Consumer-oriented Internet companies are brought to life through the application of a new technology and then unseated about 10 years later by a newer technology. Yahoo had an incumbent advertising platform (display ads) that couldn't do advertising as well as Google search. Google today has an incumbent platform that can't do better than Facebook because Facebook began with a clean sheet of paper and an extra 10 years of technology.But take a look at MySpace, "unable to turn itself around despite its first-mover advantage", and ask yourself whether that had more to do with outdated technology, or its acquisition by a company that didn't know what to do with it. For an example from much earlier in the life of the Internet, Yahoo! and Excite ran neck-in-neck until Excite was acquired by @Home Networks, and its subsequent tanking seemed to have a lot more to do with post-acquisition management decisions than with technology. I similarly find no merit in the notion that Facebook has an a technological advantage over Google - I suspect the opposite, particularly in relation to its core service of social networking - or that it's nascent advertising platform is going to be Google's undoing.

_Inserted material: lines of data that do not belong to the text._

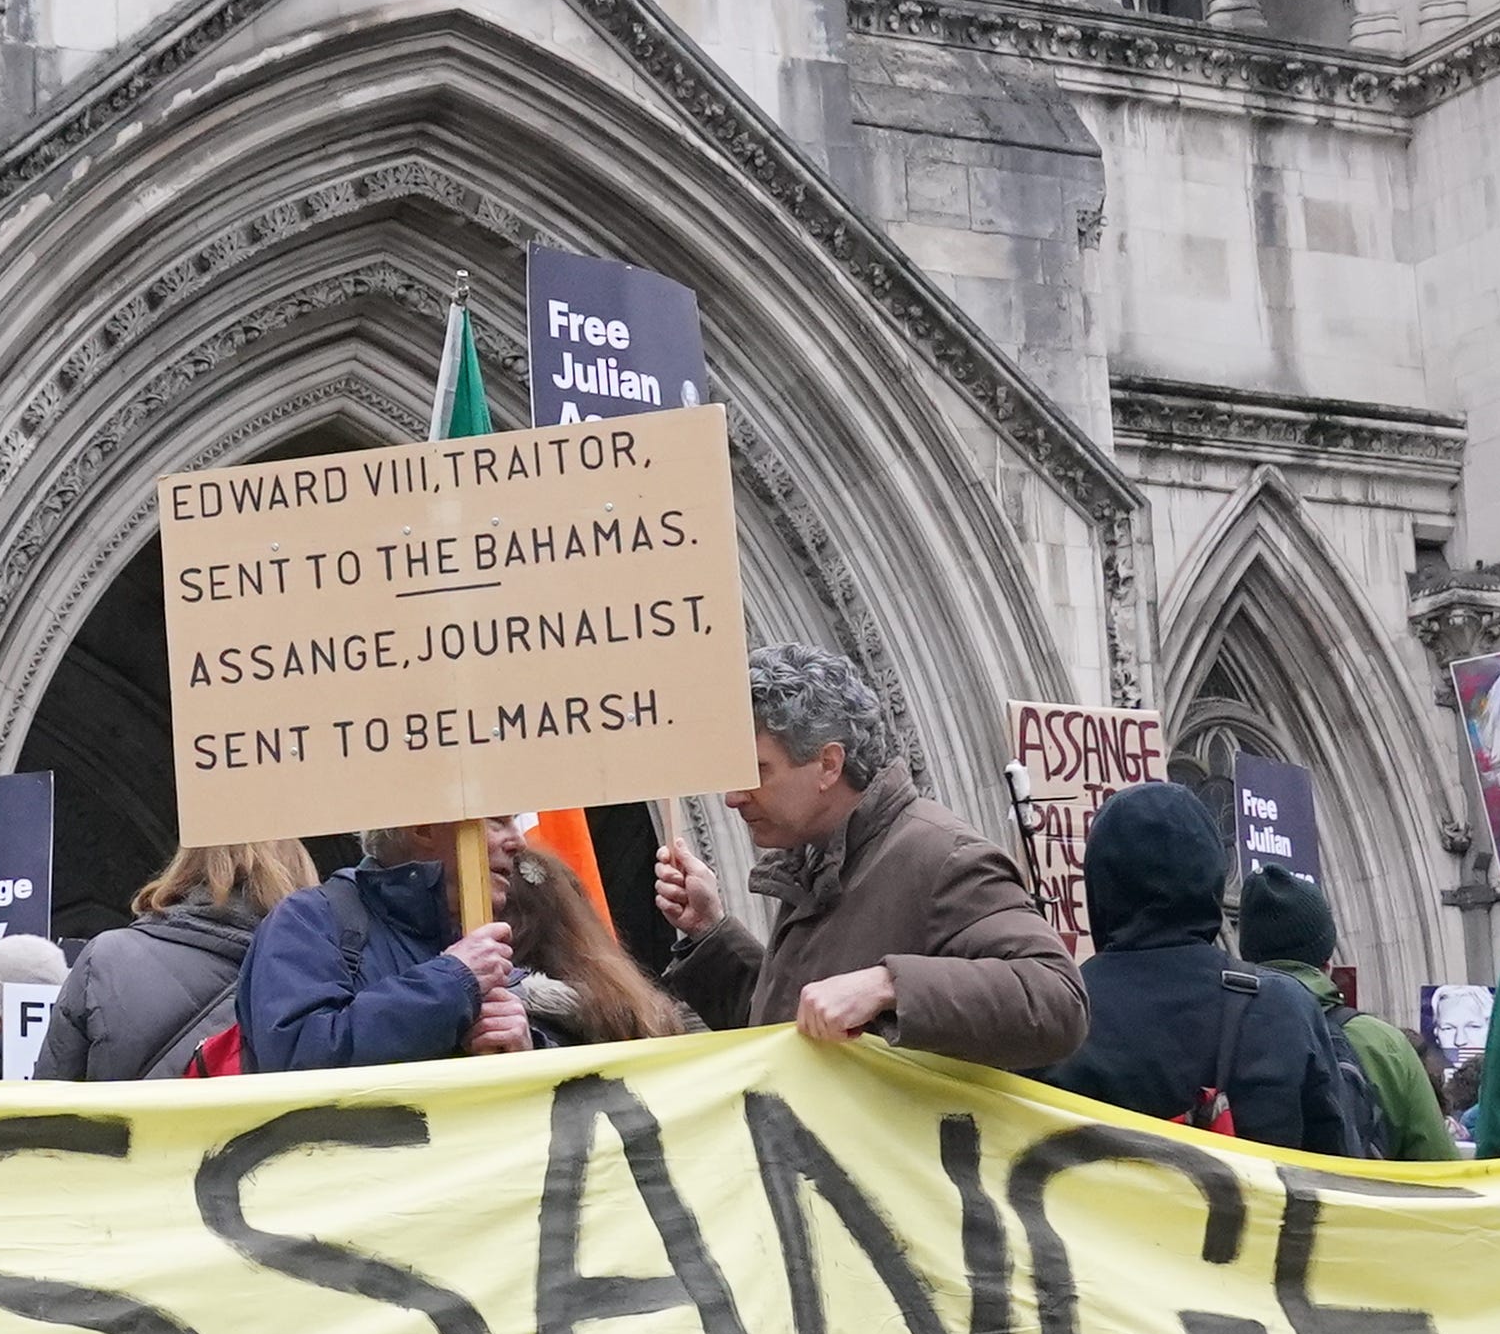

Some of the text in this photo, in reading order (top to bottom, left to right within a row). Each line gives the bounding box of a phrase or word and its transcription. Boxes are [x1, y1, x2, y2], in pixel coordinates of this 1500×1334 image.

[548, 299, 630, 350] Free
[552, 352, 662, 406] Julian
[172, 466, 348, 521] EDWARD
[179, 510, 699, 603] SENT TO THE BAHAMAS.
[193, 689, 674, 770] SENT TO BELMARSH.
[1019, 706, 1164, 783] ASSANGE
[1242, 788, 1278, 821] Free
[1246, 823, 1292, 858] Julian
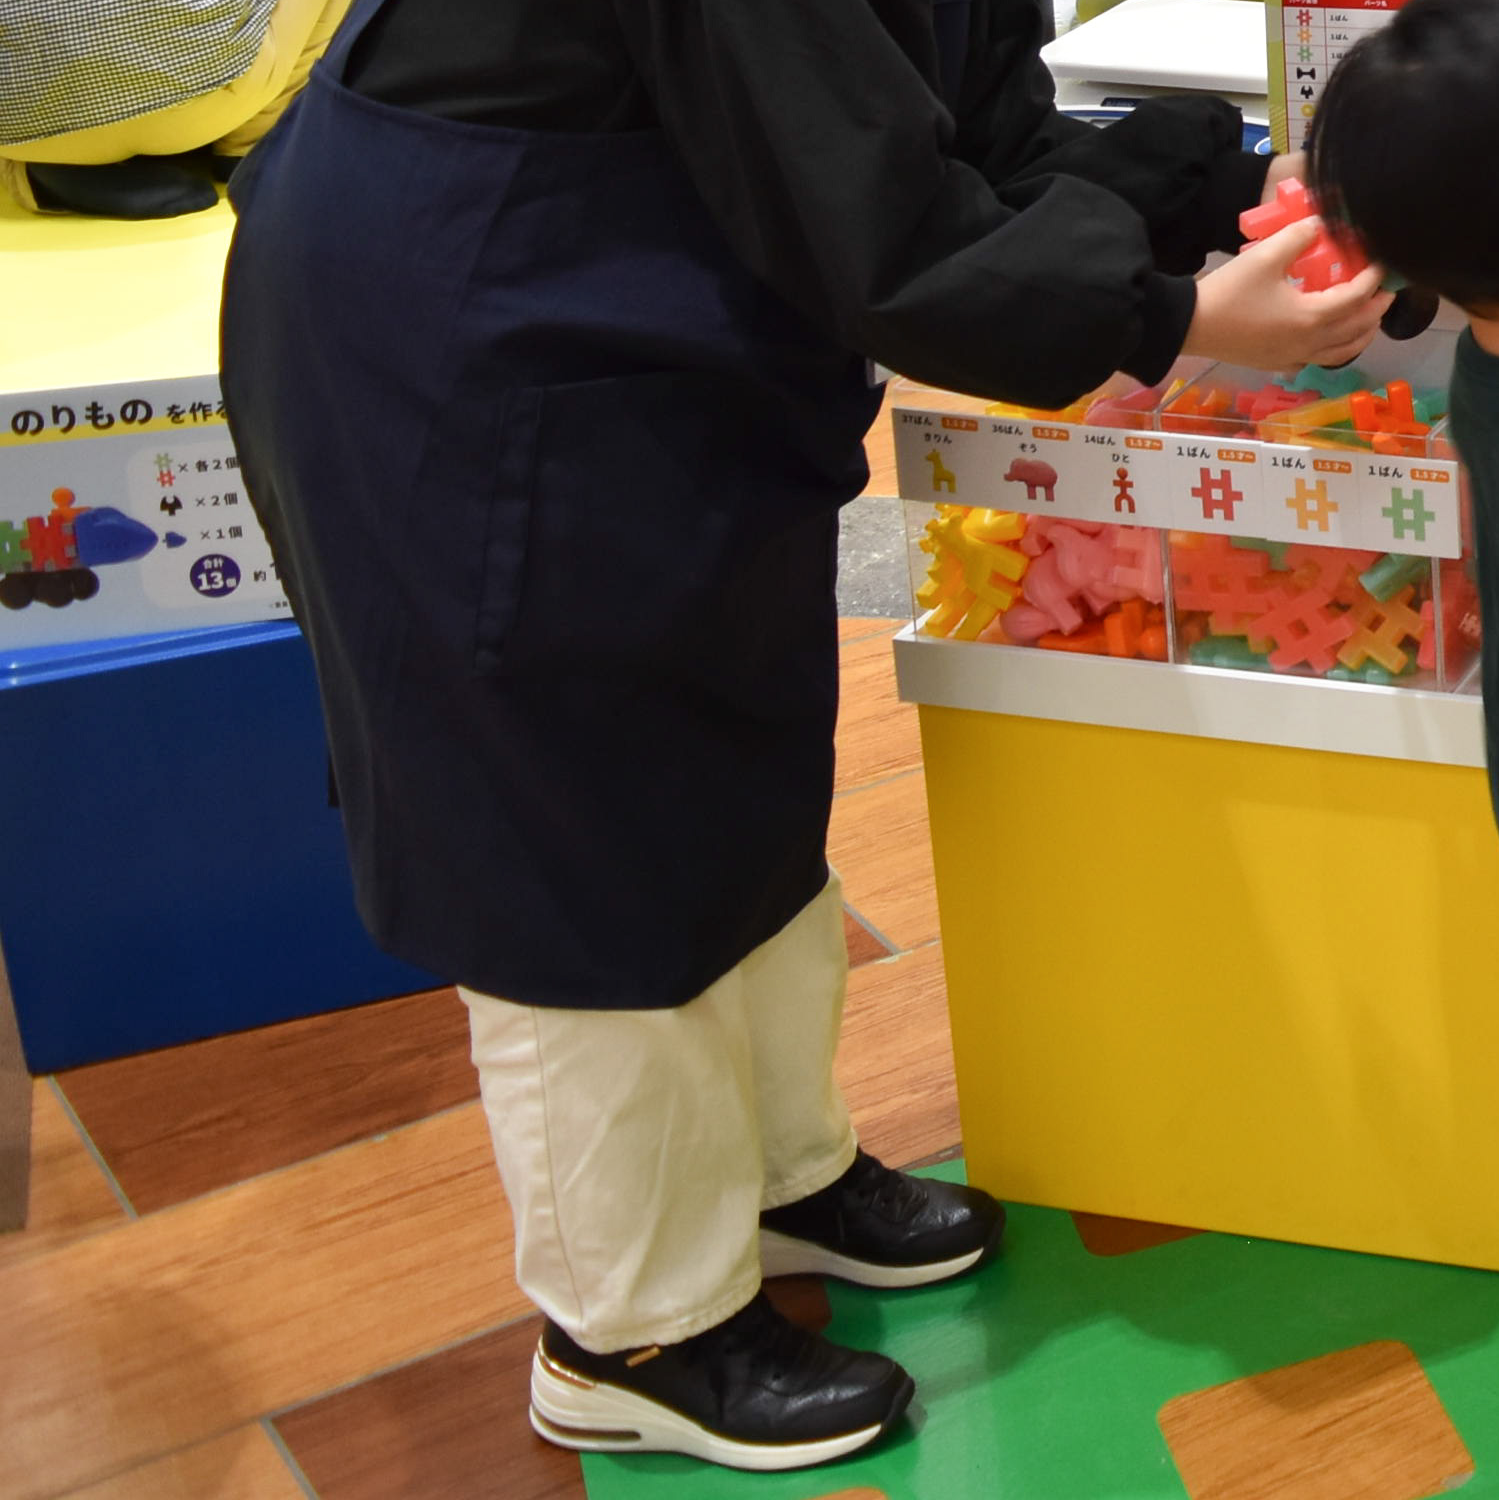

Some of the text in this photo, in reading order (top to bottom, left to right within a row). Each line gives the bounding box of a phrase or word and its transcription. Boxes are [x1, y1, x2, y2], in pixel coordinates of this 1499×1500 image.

[1112, 453, 1129, 463] ひと
[1177, 446, 1210, 459] 1ばん
[1272, 456, 1305, 469] 1ばん
[1368, 465, 1403, 479] 1ばん
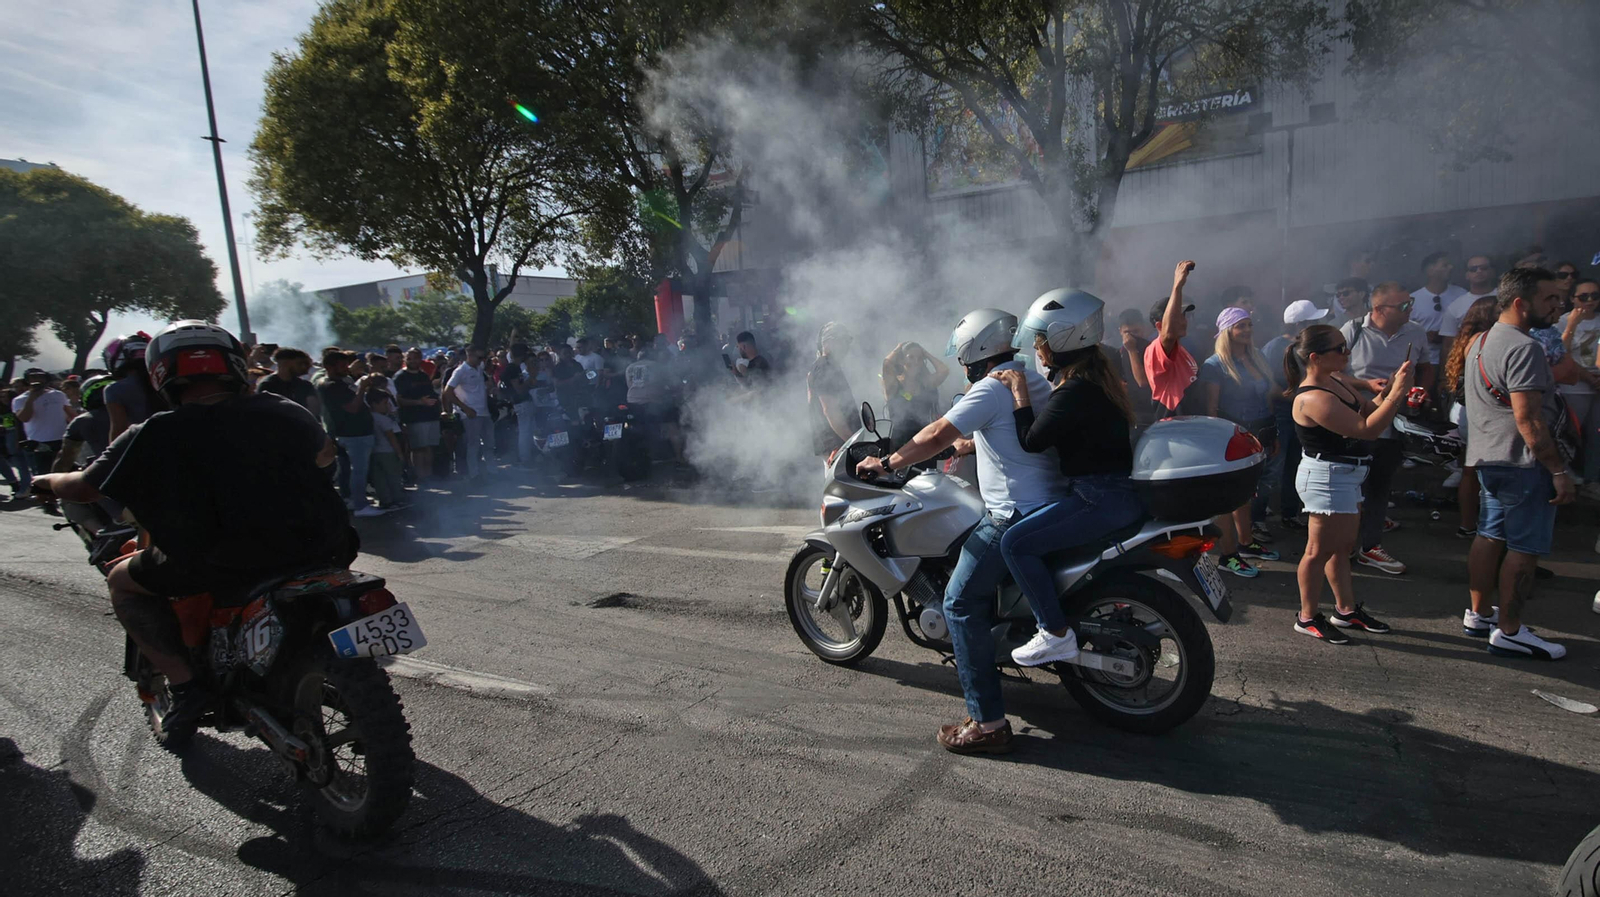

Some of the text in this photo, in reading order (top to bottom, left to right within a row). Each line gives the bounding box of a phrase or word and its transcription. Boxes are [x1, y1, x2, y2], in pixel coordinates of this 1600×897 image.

[245, 615, 270, 660] 16
[355, 609, 410, 645] 4533
[368, 630, 413, 658] CDS

But as I see another dot com bubble emerge, with our being urged to believe that perennial money-losers like Angie's List, companies with no clear path to significant earnings like LinkedIn, or companies like Groupon and Facebook that respectively claim that their brand is so powerful that we can ignore their unprofitability or that their valuation is justified by their potential to develop new revenue streams from a large user base, I can't help but be reminded of the first dot com bubble.
First, the thing that makes Internet companies so attractive to investors or buyers (and here I'm speaking of VC's, angels and corporate acquisitions, not ordinary investors) seems to be the same thing that makes them vulnerable to collapse. You can start a dot com with a good idea, a tiny core staff, and a seven figure investment. You can create a company ostensibly worth billions that has (or rents) a server farm, and has a few hundred to a couple of thousand employees. But if what the company does is not special, or does not remain special, a competitor will have the opportunity to take most of its market share. When a genuine competitor is available, minor missteps by management can have serious consequences for the company's long-term viability.
Although it's an imperfect test, one interesting thing about companies like LinkedIn, Groupon, Facebook, Twitter and the like is how little disruption there would be if they dropped off the face of the planet. If you woke up tomorrow morning and you weren't an employee of Zynga, how much would your life change if you found that Facebook was gone? Minutes? Hours? If it would take you days, odds are you're either a major online marketer or you simply aren't invested enough in Facebook to take the time to set up, say, a Google Plus account.
Second, no company can survive in the long-term unless it has a path to profitability. If you want to roll the dice on the IPO of an unprofitable or barely profitable Internet company and you're not an insider, recent IPO's confirm that you should wait for the dust to settle as the share price is likely to drop significantly within days to weeks. Even then, you're evoking the expectations of the first dot com bubble - that "eyeballs" will translate to massive profits before the company burns through its cash and investor confidence wanes.
If an Internet company brings nothing special to the table, and barriers to entry remain low, and they lack either the vision or the capital to preempt a "new kid in town," it's reasonable to expect that they will eventually be replaced by a "cool new" alternative. And once your popularity tanks, no matter how cool you were the first time around, if you want to pull off a comeback you will probably need to rebrand.